Please reproduce, exactly and in full, the lines running from the one that contains "this 1100×1122 image." to the end of the entries.

# Records shown:
★ ★ ★ ★ ★

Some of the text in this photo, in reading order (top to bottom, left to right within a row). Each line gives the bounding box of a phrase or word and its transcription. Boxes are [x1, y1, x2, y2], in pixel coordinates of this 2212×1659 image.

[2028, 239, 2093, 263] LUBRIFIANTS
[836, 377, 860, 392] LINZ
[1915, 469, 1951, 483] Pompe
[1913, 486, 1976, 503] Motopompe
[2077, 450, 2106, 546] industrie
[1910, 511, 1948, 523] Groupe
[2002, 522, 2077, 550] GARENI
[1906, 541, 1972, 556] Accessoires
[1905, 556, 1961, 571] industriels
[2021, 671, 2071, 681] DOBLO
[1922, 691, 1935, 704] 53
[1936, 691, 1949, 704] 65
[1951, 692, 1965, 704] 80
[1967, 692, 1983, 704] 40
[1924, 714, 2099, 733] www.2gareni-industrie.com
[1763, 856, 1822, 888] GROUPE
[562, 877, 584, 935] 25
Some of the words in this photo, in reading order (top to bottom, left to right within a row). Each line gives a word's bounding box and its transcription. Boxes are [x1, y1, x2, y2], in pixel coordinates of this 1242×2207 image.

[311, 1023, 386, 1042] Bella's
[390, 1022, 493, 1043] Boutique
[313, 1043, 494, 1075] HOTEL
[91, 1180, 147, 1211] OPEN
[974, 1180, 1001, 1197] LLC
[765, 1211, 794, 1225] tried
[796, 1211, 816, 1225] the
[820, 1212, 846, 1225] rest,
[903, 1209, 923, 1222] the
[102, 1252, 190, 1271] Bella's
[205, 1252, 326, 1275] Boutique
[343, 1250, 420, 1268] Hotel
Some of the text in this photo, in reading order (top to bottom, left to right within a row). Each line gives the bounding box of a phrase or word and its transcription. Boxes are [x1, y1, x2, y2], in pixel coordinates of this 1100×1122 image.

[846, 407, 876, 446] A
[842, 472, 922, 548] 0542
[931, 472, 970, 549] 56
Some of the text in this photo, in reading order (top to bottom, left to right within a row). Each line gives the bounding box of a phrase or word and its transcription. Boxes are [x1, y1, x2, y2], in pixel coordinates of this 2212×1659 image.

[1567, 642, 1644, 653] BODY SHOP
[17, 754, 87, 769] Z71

★ ★ ★ ★ ★

# Result of this exercise:
Some of the text in this photo, in reading order (top to bottom, left to right within a row). Each line gives the bounding box of a phrase or word and its transcription. Boxes are [x1, y1, x2, y2], in pixel coordinates of this 1100×1122 image.

[846, 407, 876, 446] A
[842, 472, 922, 548] 0542
[931, 472, 970, 549] 56
Some of the text in this photo, in reading order (top to bottom, left to right within a row). Each line gives the bounding box of a phrase or word and its transcription. Boxes are [x1, y1, x2, y2], in pixel coordinates of this 2212×1659 image.

[1567, 642, 1644, 653] BODY SHOP
[17, 754, 87, 769] Z71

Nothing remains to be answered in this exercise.